About this exercise
Return only this: the line with "this 2212×1659 image." and all the lines that follow it below, through the final one, exactly as they are.

Given information
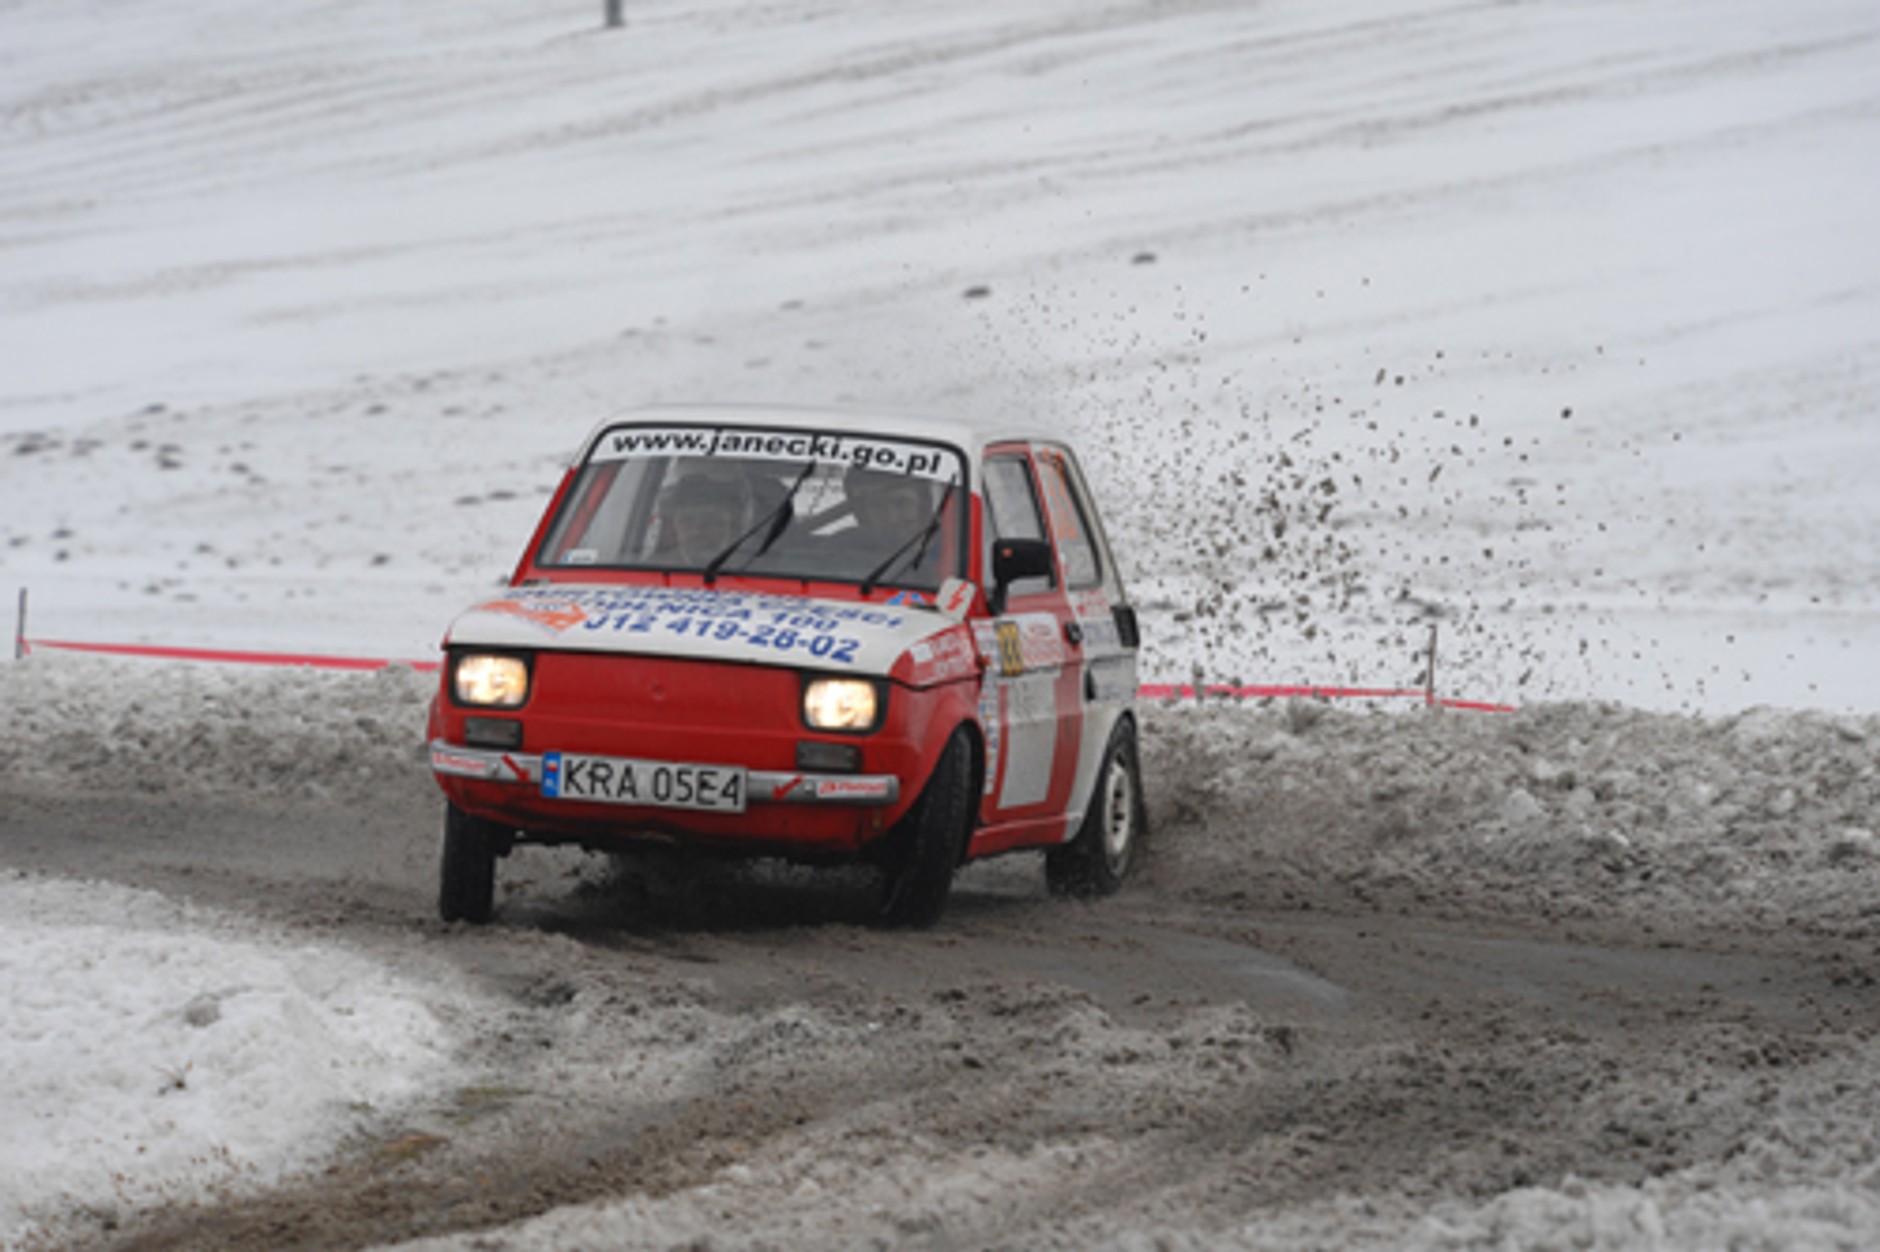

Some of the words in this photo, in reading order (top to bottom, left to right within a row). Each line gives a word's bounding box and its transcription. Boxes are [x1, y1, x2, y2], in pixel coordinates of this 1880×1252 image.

[613, 430, 941, 474] www.janecki.go.pl
[665, 616, 860, 663] 419-28-02
[564, 759, 638, 799] KRA
[652, 766, 742, 806] 05E4
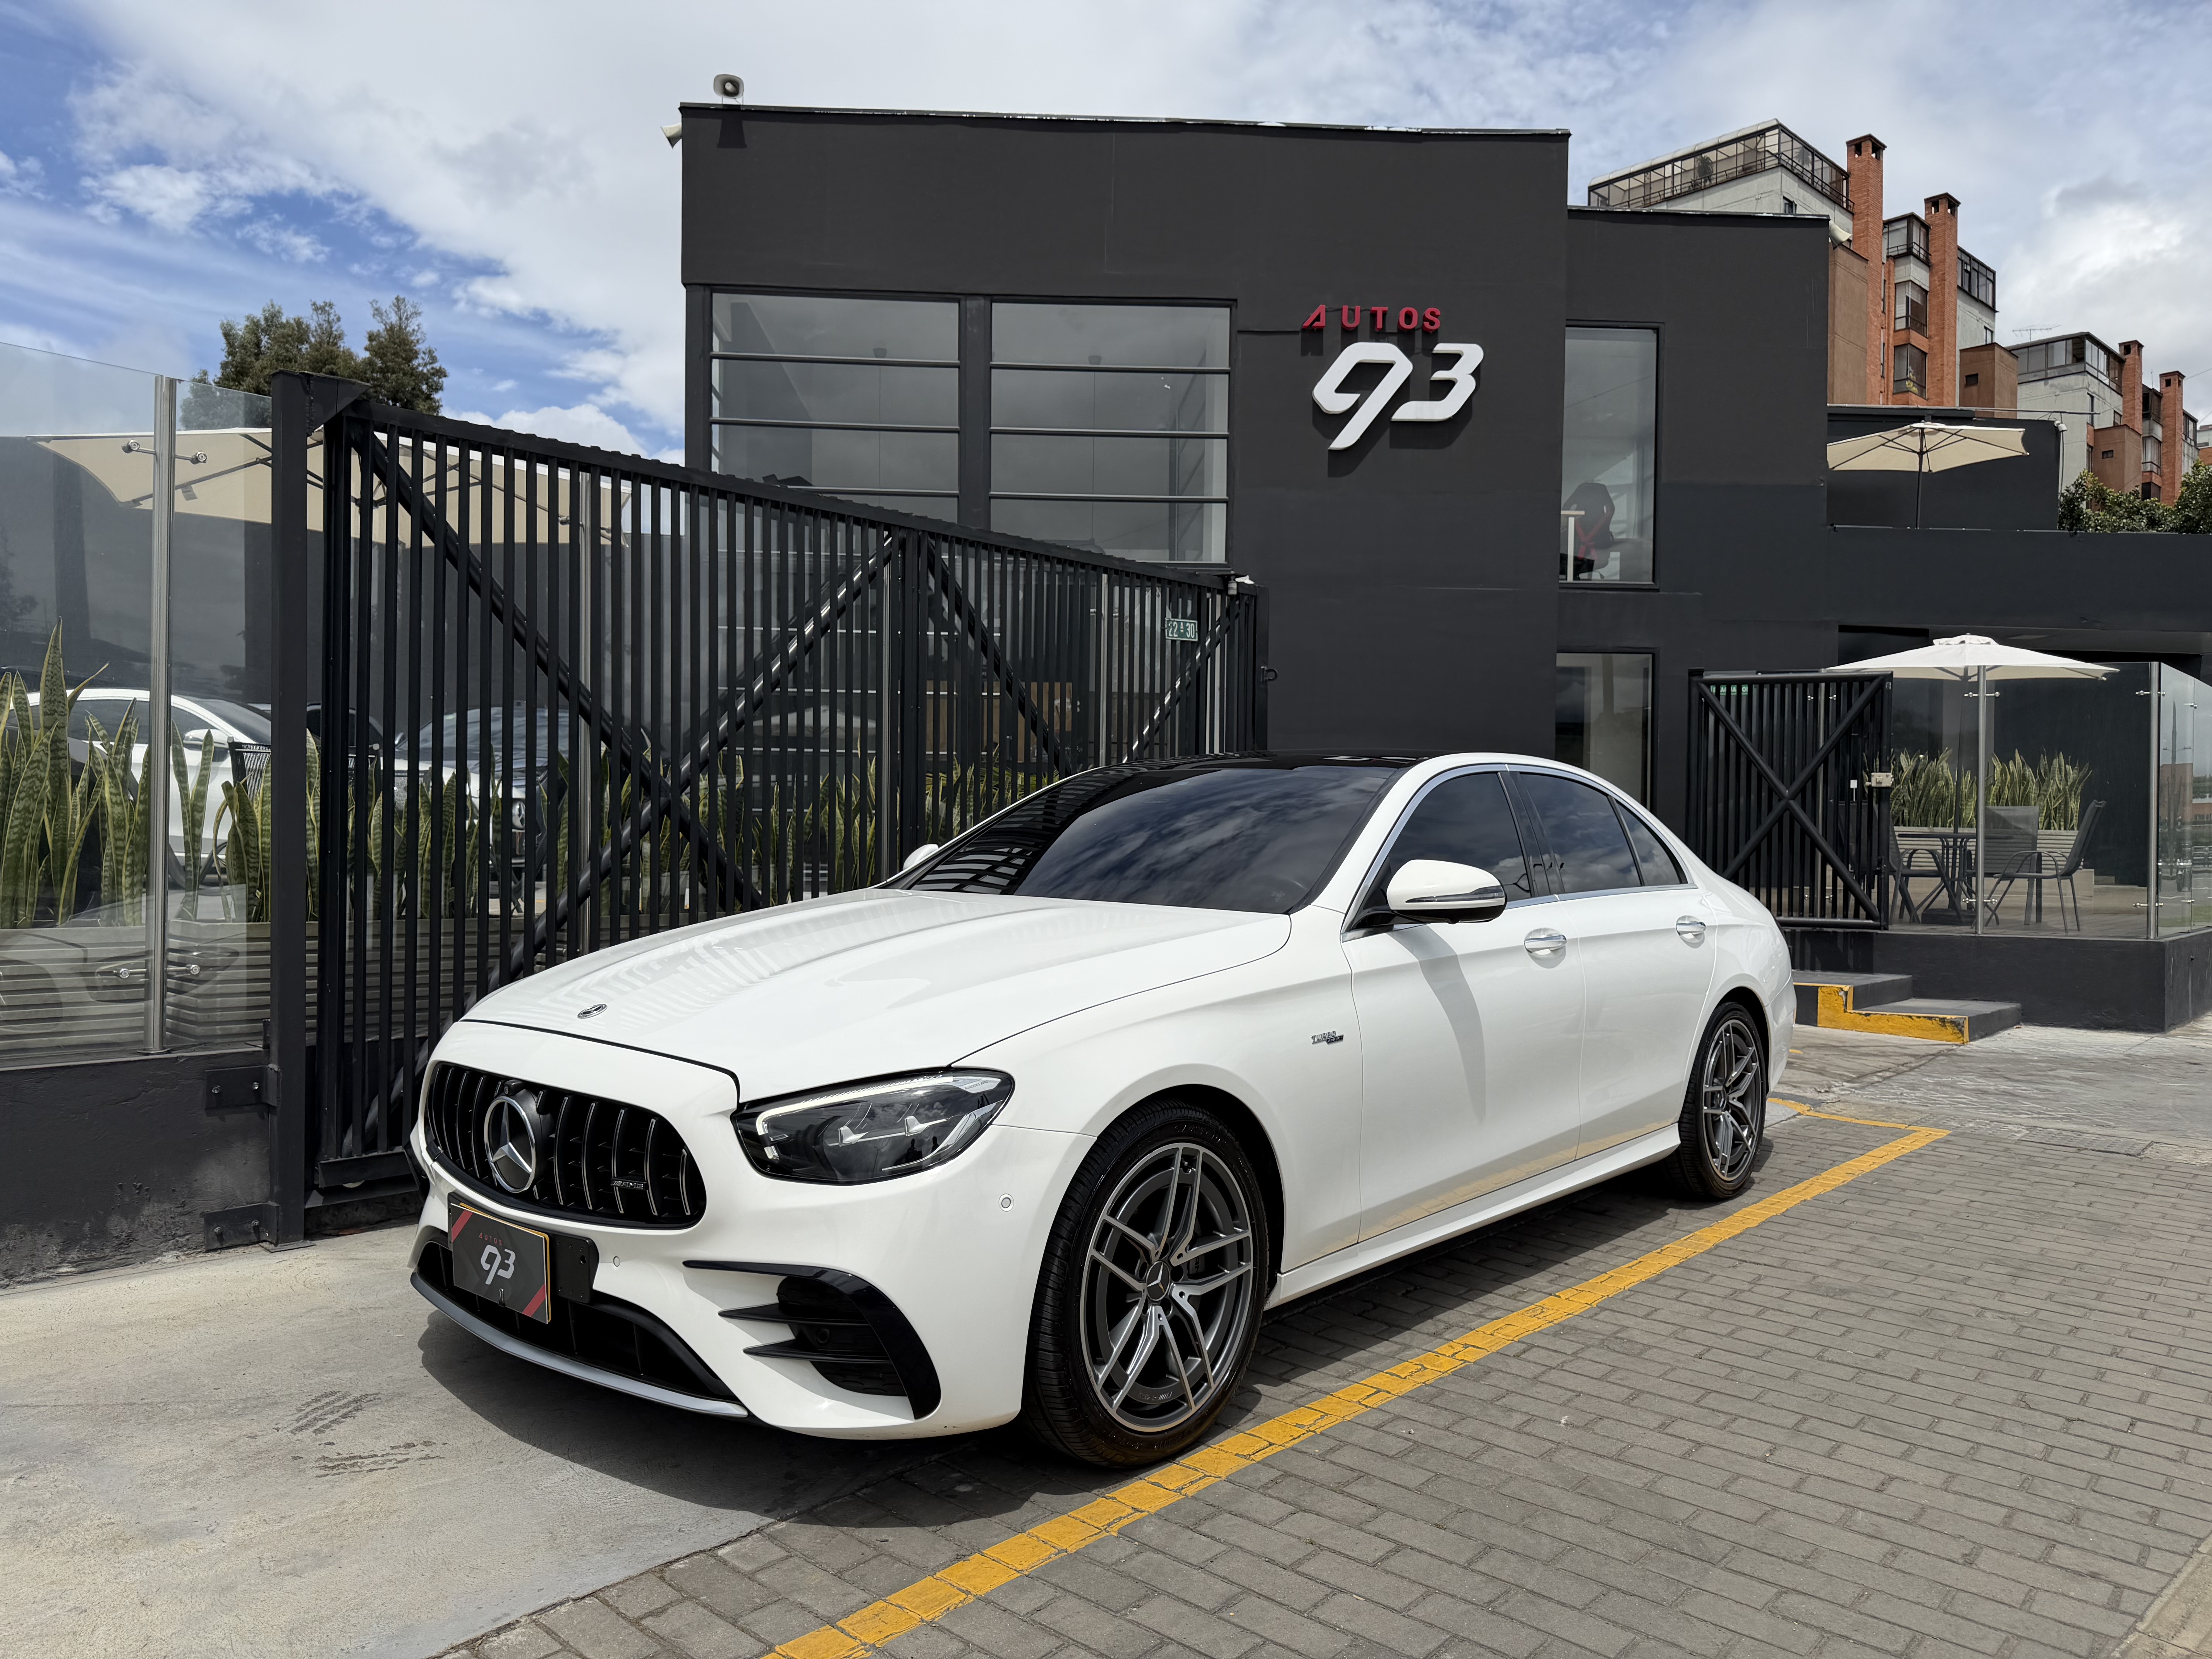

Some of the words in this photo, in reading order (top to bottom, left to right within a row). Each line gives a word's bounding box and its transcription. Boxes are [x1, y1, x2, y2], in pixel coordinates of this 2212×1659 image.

[1302, 304, 1441, 332] AUTOS
[1312, 342, 1484, 450] 93
[1168, 621, 1178, 637] 22
[1186, 623, 1194, 638] 30
[479, 1233, 502, 1246] AUTOS
[481, 1245, 516, 1285] 93

Worked solution
Some of the words in this photo, in reading order (top to bottom, left to right within a row). Each line gives a word's bounding box and its transcription. Boxes are [x1, y1, x2, y2], in pixel coordinates of this 2212×1659 image.

[1302, 304, 1441, 332] AUTOS
[1312, 342, 1484, 450] 93
[1168, 621, 1178, 637] 22
[1186, 623, 1194, 638] 30
[479, 1233, 502, 1246] AUTOS
[481, 1245, 516, 1285] 93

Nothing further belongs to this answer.